Increase in premiums mostly absorbed by subsidies and top-ups?
The ST article writes that based on the report released by the MediShield Life Review Committee, the increase in premiums which people will have to pay for the better benefits under MediShield Life will not be more than $355 a year, with most of it absorbed by various government subsidies and top-ups.
However it is alarming to note that the increase in premiums from 2019 compared to the current premiums, after the declining transitional subsidies, range from 111% (from $9 to $19 monthly for the lower-income with household per capita income less than $1,100) to 189% (from $9 to $26 for the high income) for age 31 – 40.
For example, if you are aged 51 – 60, the increase range that you will see in your premium will be from 28% to 83% depending on your income level - $29 to $37 for the lower-income and $29 to $53 for the high income.
So, how can an increase of up to 111% for the lower-income, and up to 189% for the higher income, be arguably called a “premium increase much lower than feared”?
Premiums start to increase from end-2016?
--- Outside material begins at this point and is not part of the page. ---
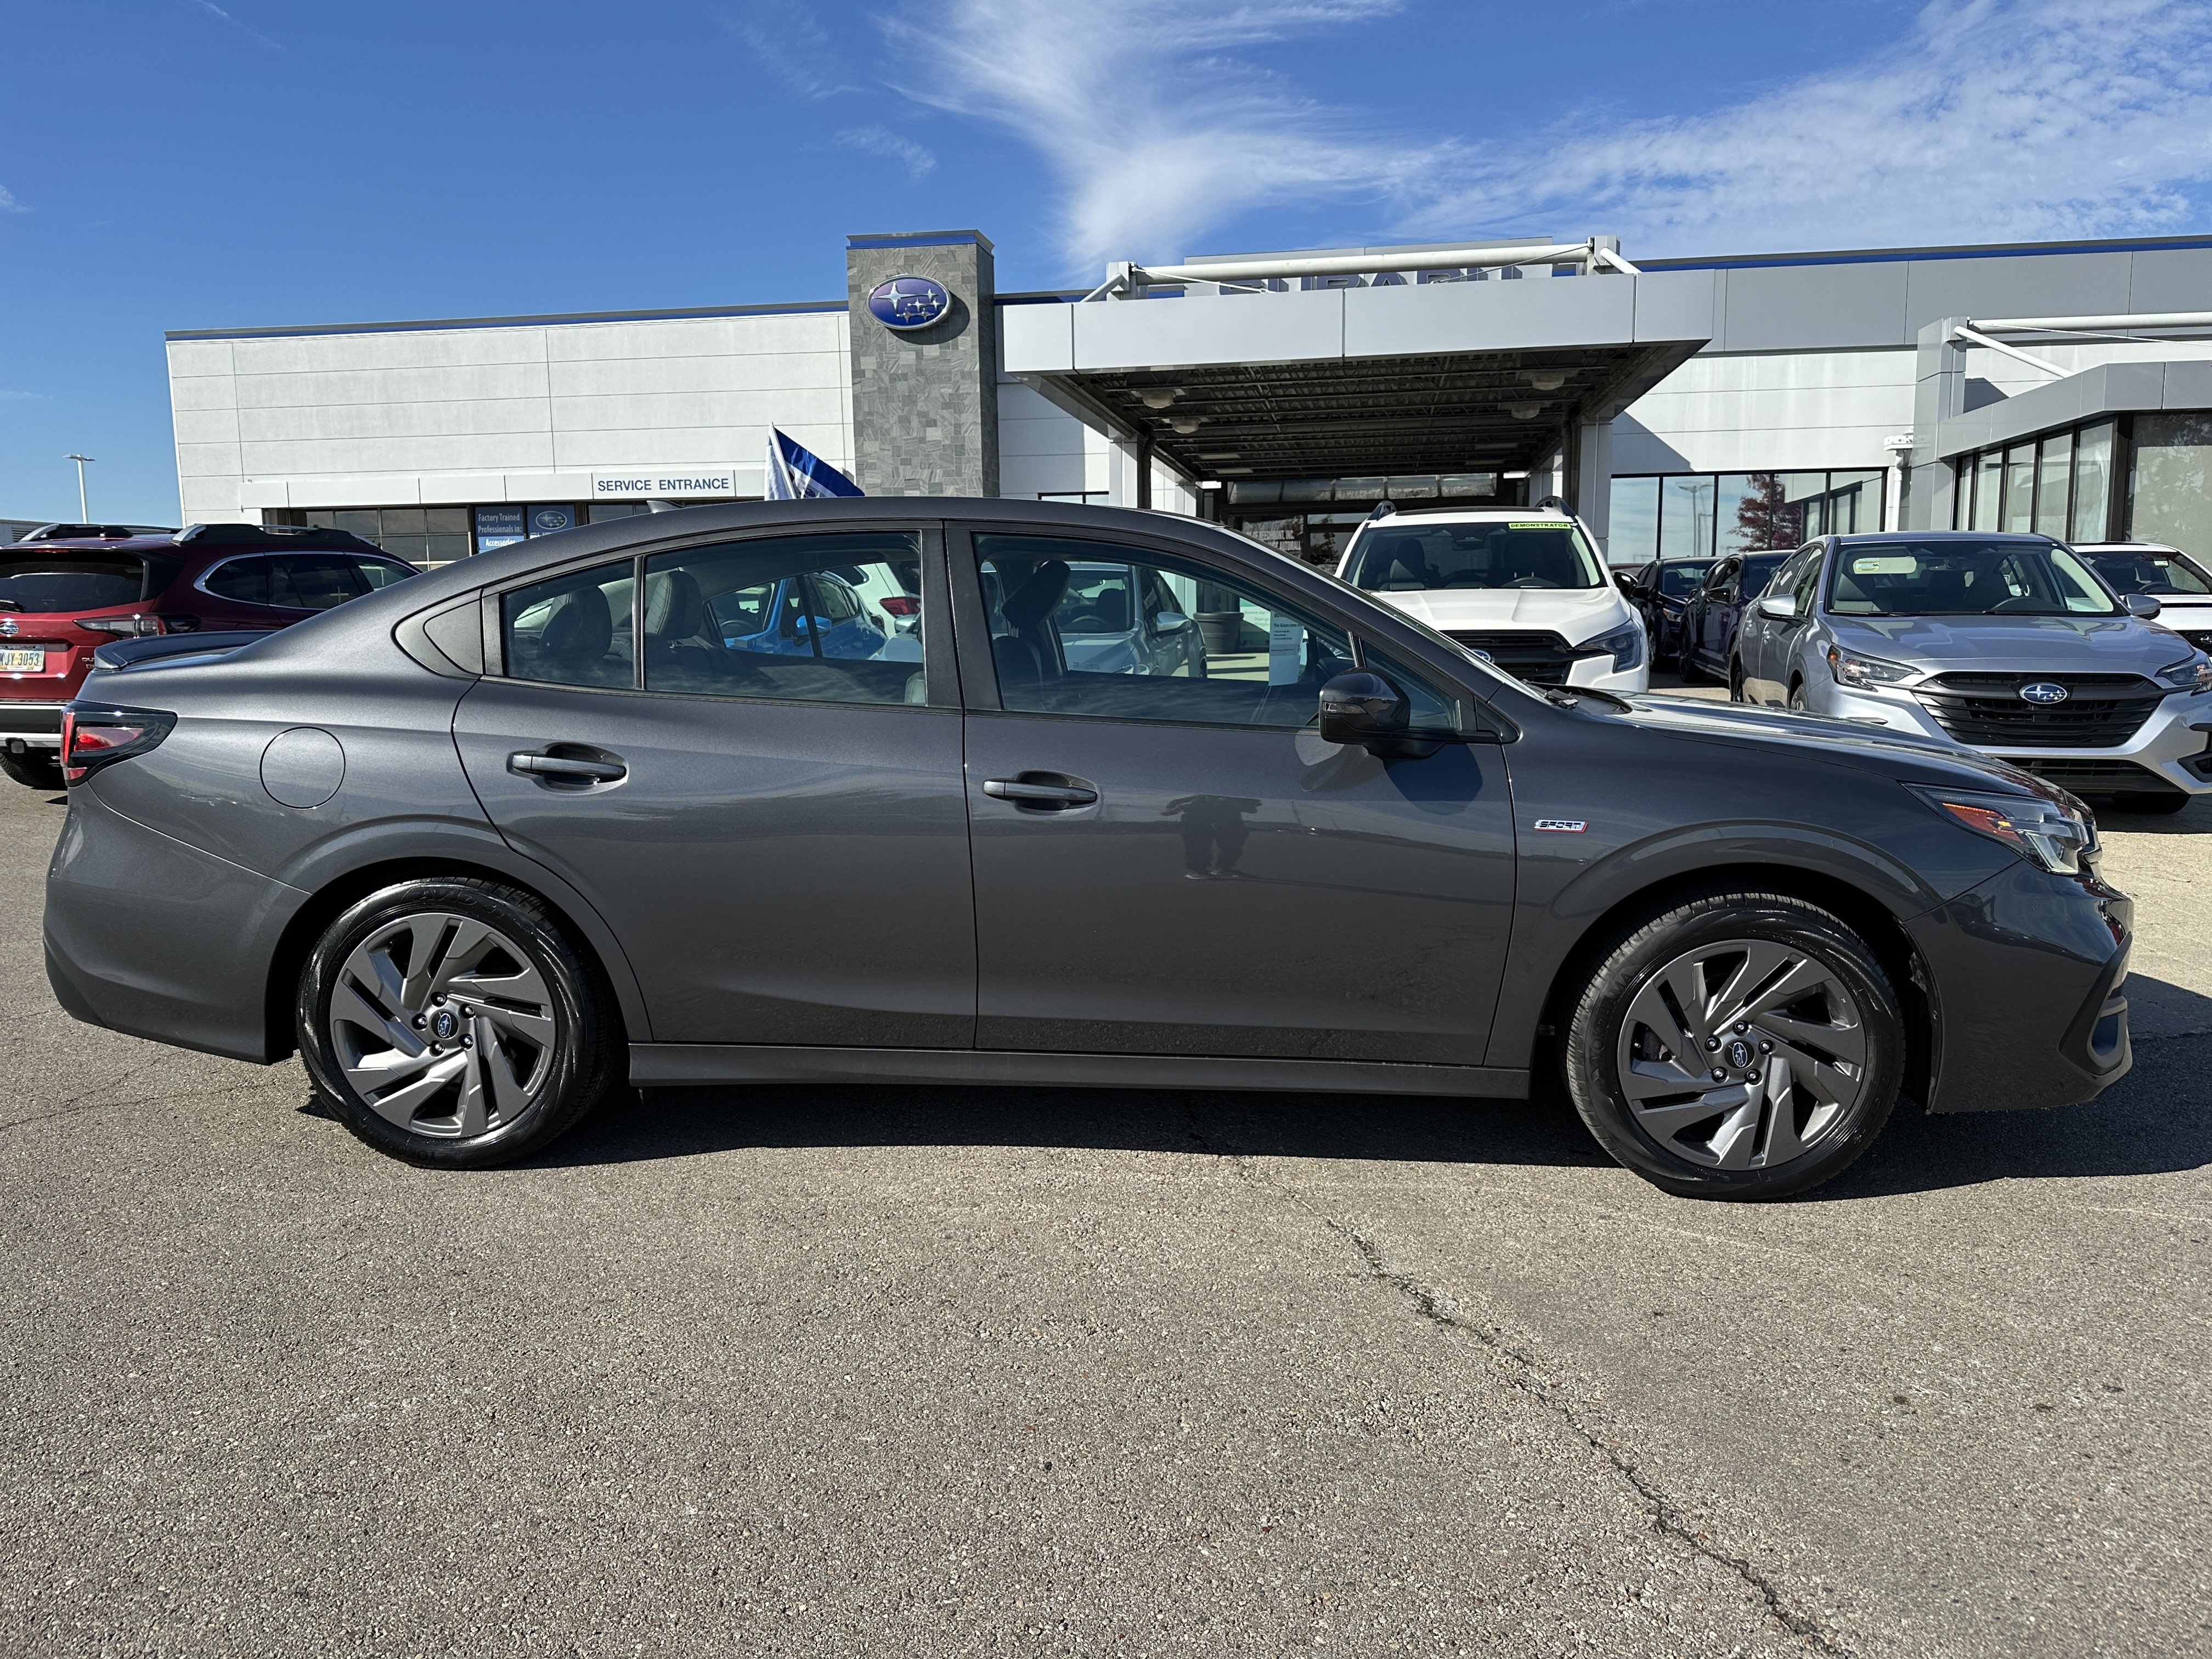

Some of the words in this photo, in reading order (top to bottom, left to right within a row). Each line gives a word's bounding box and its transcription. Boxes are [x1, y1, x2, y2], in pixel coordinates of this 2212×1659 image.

In respect of the announcement that citizens will receive a subsidy of 80% of the premium in the first year of MediShield Life in end-2015, followed by subsidies of 60, 40 and 20 per cent in each subsequent year, does it mean that the gradual increase in premiums will actually start from the second year (end-2016) – which may be even worse than what the tables indicate for the increased premiums from 2019 only?
1.65m inactive CPF members have enough Medisave to pay?
The committee added that all premiums are expected to remain within Medisave contributions and inflows and there will be no additional cash outlay required.
Though the committee said that no additional cash outlay is required by those insured under the new MediShield Life scheme but since there are 1.65 million inactive CPF members out of the total 3.53 million CPF members – how many may not have sufficient money in their Medisave accounts to pay for their MediShield Life premiums? And how many Singaporeans will have to pay cash because they do not have sufficient Medisave funds in their account?
With regards to the Government providing almost S$4 billion in subsidies and financial support over the next five years – does it mean that the average subsidy per year is about $800 million?
Govt still not spending any money on healthcare?
As written in TOC's healthcare focus early this year. For Medisave, in 2012, there was a total balance of $60 billion but the amount withdrawn for direct medical expenses was only $768 million – this effectively makes up only 1.3% of the total balance.
For MediShield, Parliament had also revealed that the MediShield surplus is $850 million for the last 10 years. In 2011, only $282 million MediShield claims were made. This means that only 24.9% of the known MediShield reserves had been claimed.
Finally, for Medifund, in 2012, the capital sum is $3 billion. Of this, only $98.2 million was disbursed in 2012. This represents only 3.3% of the capital.
If so, does it mean that from a cashflow perspective – the Government may still not be spending any money on healthcare, as the total annual contributions to Medisave and the annual interest on the total Medisave balances, may continue to exceed Government healthcare expenditure and all withdrawals from Medisave by way of direct medical expenses, MediShield, Private Integrated Plans and ElderShield premiums, etc? (read more)
MediShield Life projections and surpluses?
Finally, can the actuarial study on MediShield Life be made public, so that we can see whether future projections of premiums to claims will continue to give yearly surpluses since the MediShield scheme started, to the tune of an estimated more than $1 billion to-date?
Without the actuarial study on the MediShield Life , we cannot tell whether or not the new scheme will continue to work on the basis that total premiums collected by the government exceeds the total claims by the insured annually as in the past. From what has been gathered so far, does it imply that fundamentally nothing has changed for our national medical healthcare scheme?